• _EXERCISE AIM_:
Please restate the records that follow exactly, skipping their images.

--- INFORMATION SUPPLIED ---

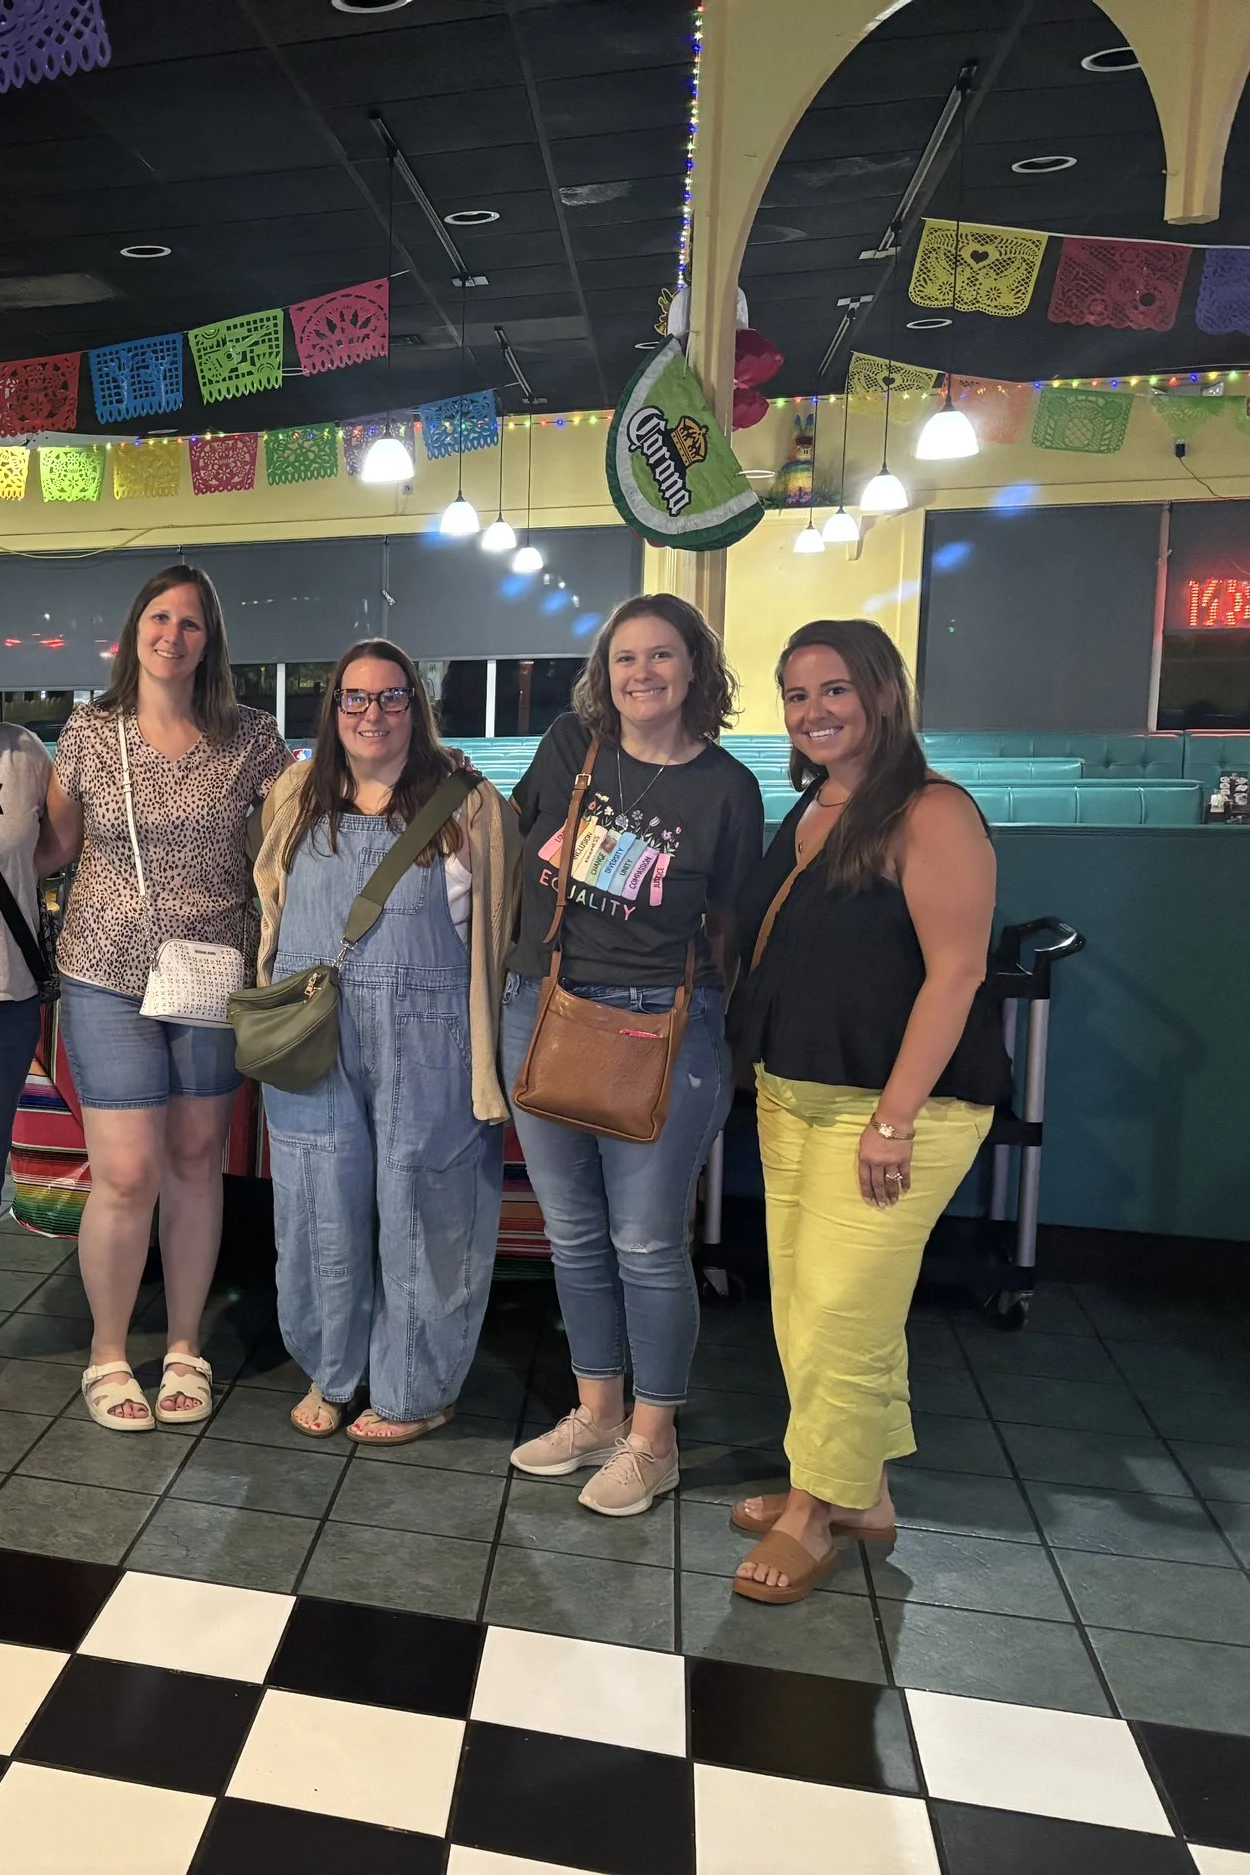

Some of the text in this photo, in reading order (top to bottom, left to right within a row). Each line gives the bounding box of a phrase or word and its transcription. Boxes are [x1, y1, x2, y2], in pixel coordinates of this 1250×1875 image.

[626, 405, 692, 517] Corona
[590, 852, 606, 876] CHANGE
[604, 847, 625, 874] DIVERSITY
[619, 859, 633, 876] UNITY
[628, 856, 653, 890] COMPASSION
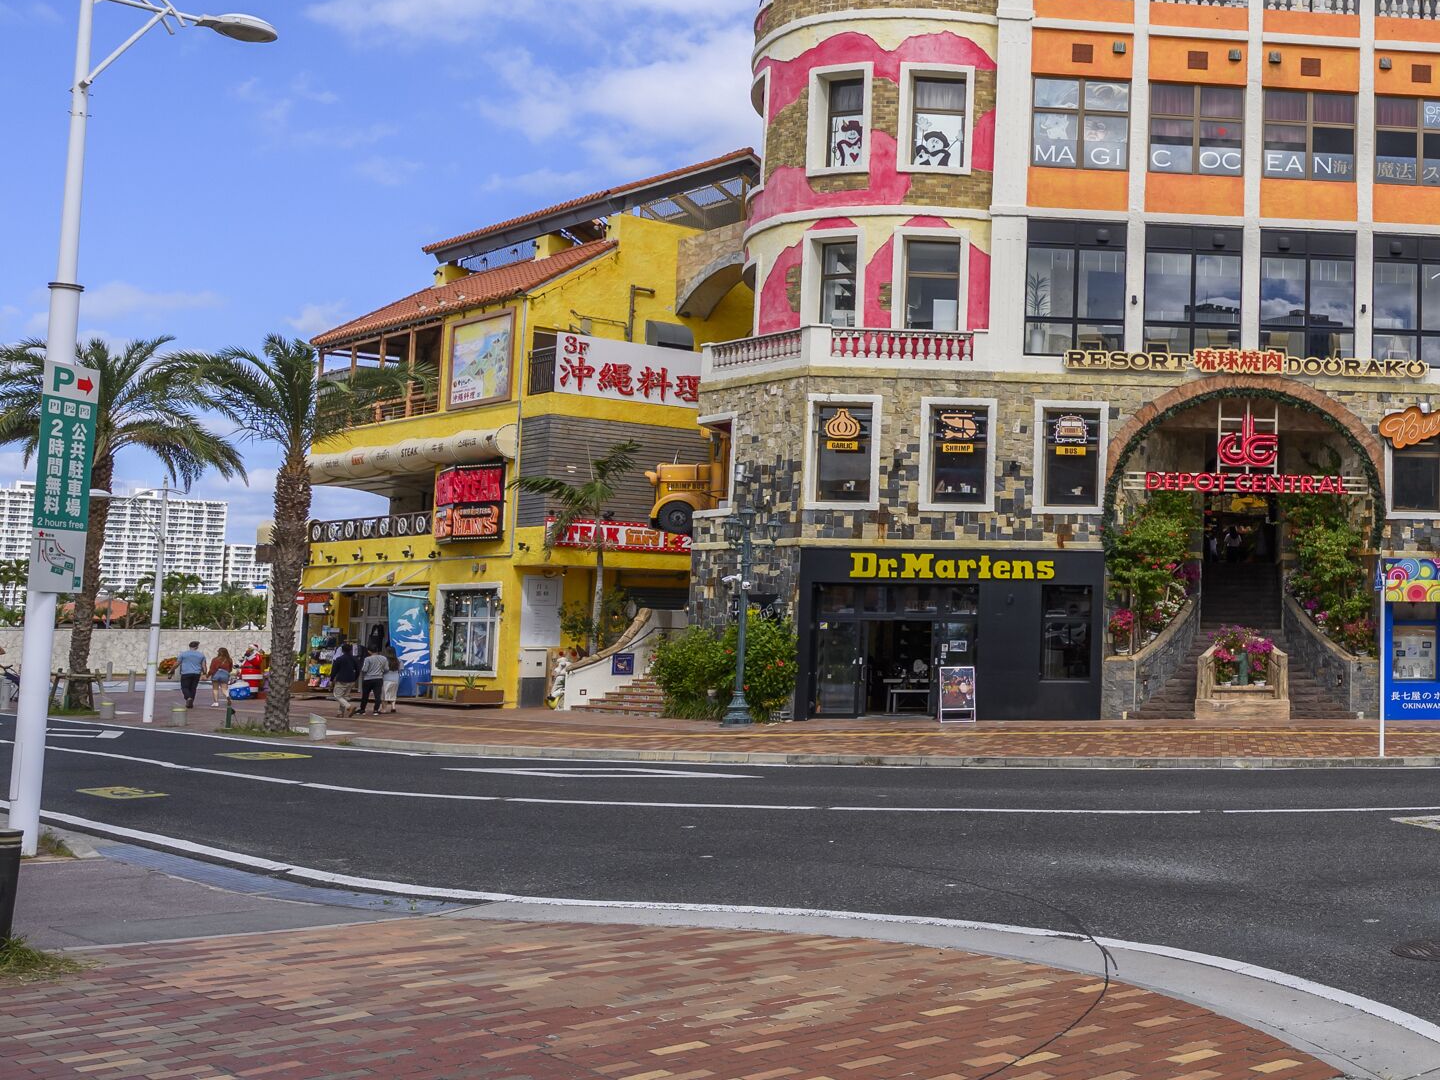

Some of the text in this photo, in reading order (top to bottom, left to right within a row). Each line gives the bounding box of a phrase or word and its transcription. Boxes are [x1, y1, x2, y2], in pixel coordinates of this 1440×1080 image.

[1034, 144, 1172, 167] MAGIC
[564, 335, 590, 355] 3F
[1067, 350, 1190, 371] RESORT
[1193, 349, 1283, 372] 琉球焼肉
[53, 366, 75, 392] P
[560, 356, 701, 402] 沖縄料理
[401, 447, 418, 458] STEAK
[831, 442, 853, 450] GARLIC
[945, 444, 971, 453] SHRIMP
[1064, 447, 1078, 455] BUS
[43, 418, 65, 515] 2時間無料
[65, 422, 88, 517] 公共駐車場
[1145, 471, 1349, 494] DEPOT CENTRAL
[37, 517, 84, 529] 2 hours free
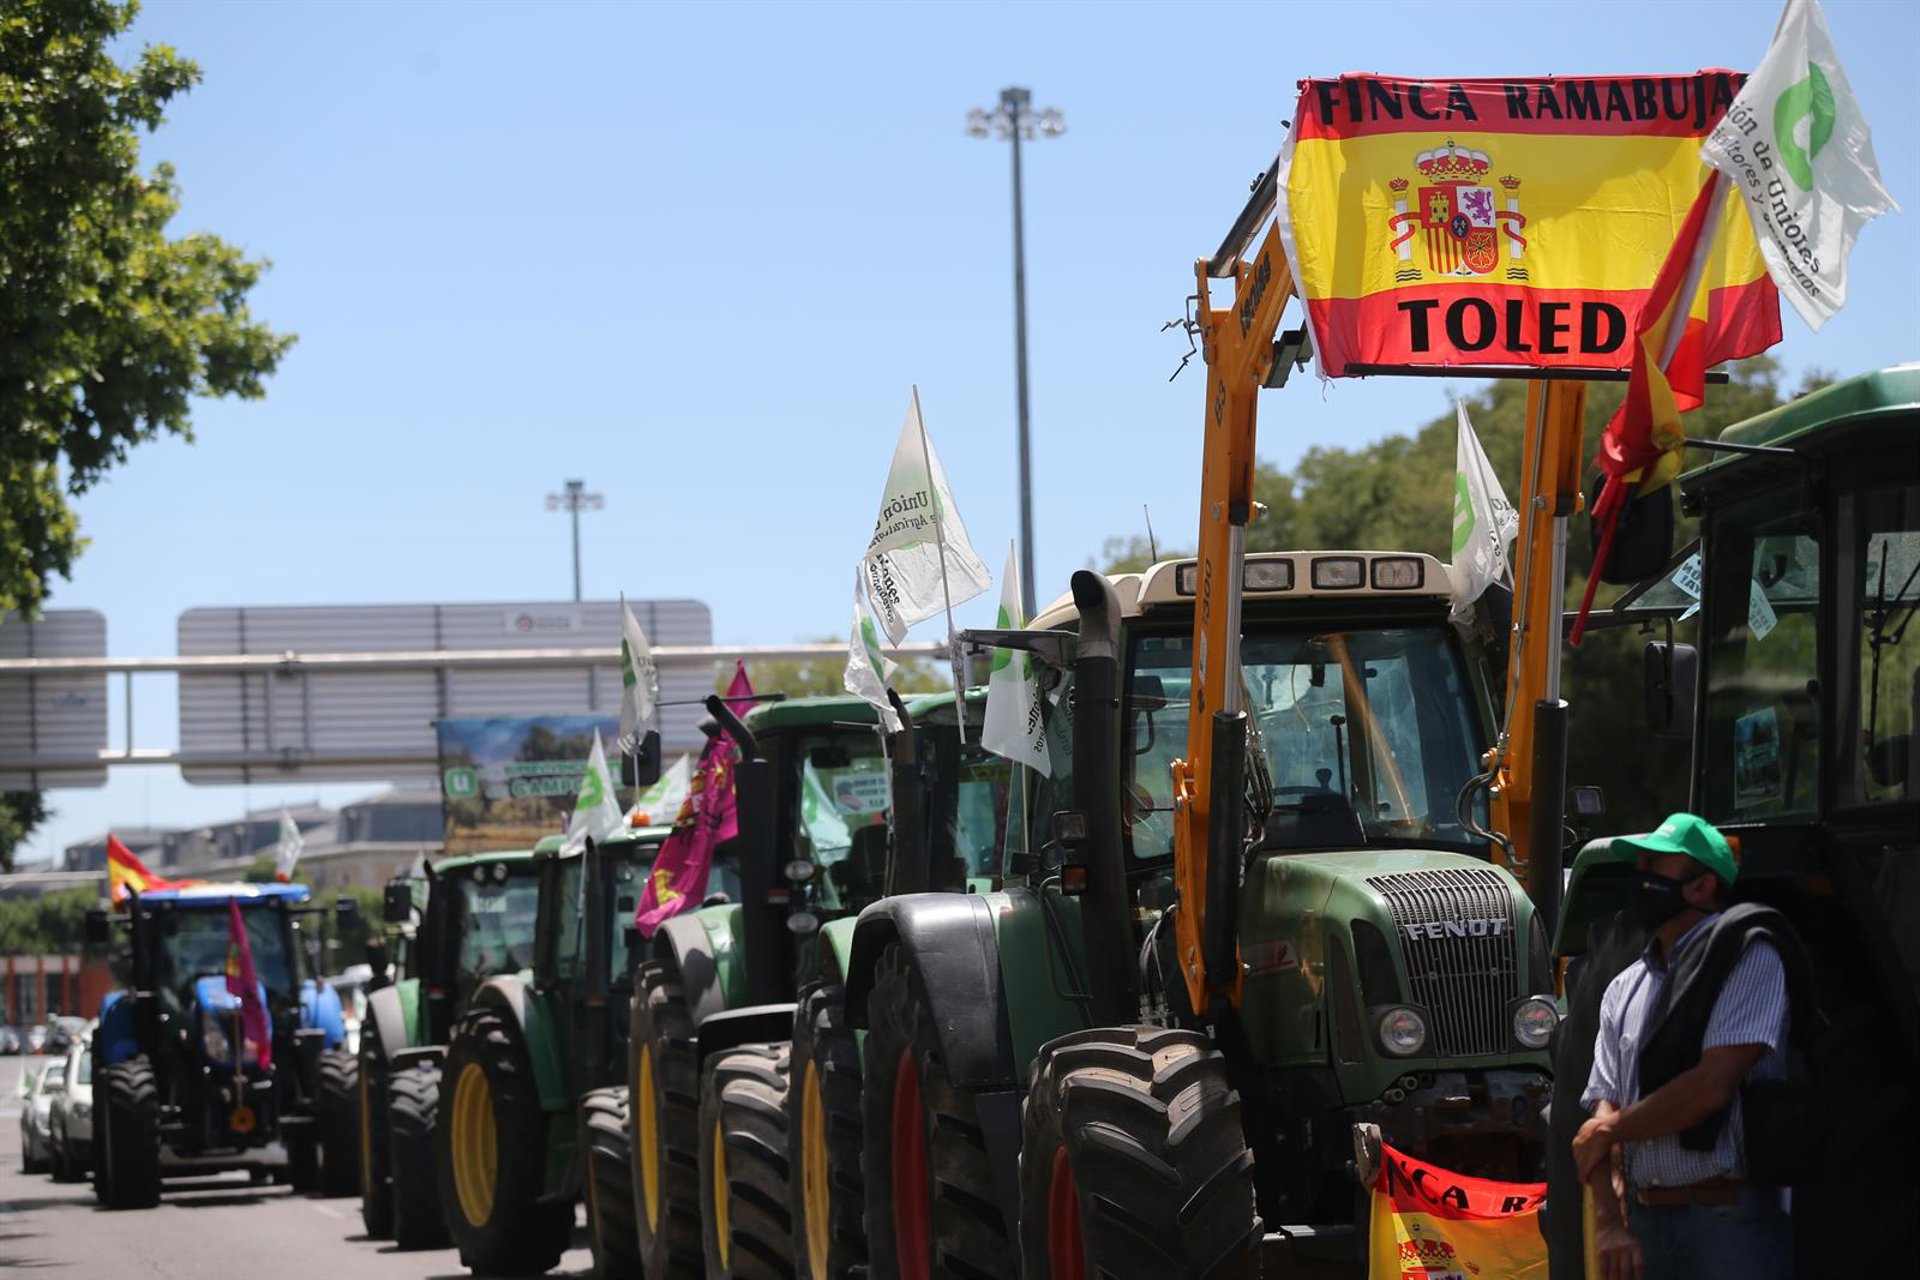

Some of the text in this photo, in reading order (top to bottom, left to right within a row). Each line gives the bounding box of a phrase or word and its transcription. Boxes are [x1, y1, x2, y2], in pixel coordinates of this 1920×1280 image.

---

• _THE COMPLETED TASK_:
Some of the text in this photo, in reading order (top to bottom, left to right within a row). Each line gives the bounding box of a phrase or word and its transcription. Boxes are [x1, y1, x2, y2], in pixel coordinates of this 1250×1875 image.

[626, 405, 692, 517] Corona
[590, 852, 606, 876] CHANGE
[604, 847, 625, 874] DIVERSITY
[619, 859, 633, 876] UNITY
[628, 856, 653, 890] COMPASSION

Some of the text in this photo, in reading order (top to bottom, left to right within a row). Each line gives the bounding box of a phrase or word and its transcription. Boxes are [x1, y1, x2, y2], in pixel coordinates of this 1440×1080 image.

[1034, 144, 1172, 167] MAGIC
[564, 335, 590, 355] 3F
[1067, 350, 1190, 371] RESORT
[1193, 349, 1283, 372] 琉球焼肉
[53, 366, 75, 392] P
[560, 356, 701, 402] 沖縄料理
[401, 447, 418, 458] STEAK
[831, 442, 853, 450] GARLIC
[945, 444, 971, 453] SHRIMP
[1064, 447, 1078, 455] BUS
[43, 418, 65, 515] 2時間無料
[65, 422, 88, 517] 公共駐車場
[1145, 471, 1349, 494] DEPOT CENTRAL
[37, 517, 84, 529] 2 hours free

Some of the text in this photo, in reading order (top to bottom, left to right within a row). Each line gives the bounding box of a phrase or word and its transcription. Boxes are [x1, y1, x2, y2], in pixel coordinates of this 1920×1280 image.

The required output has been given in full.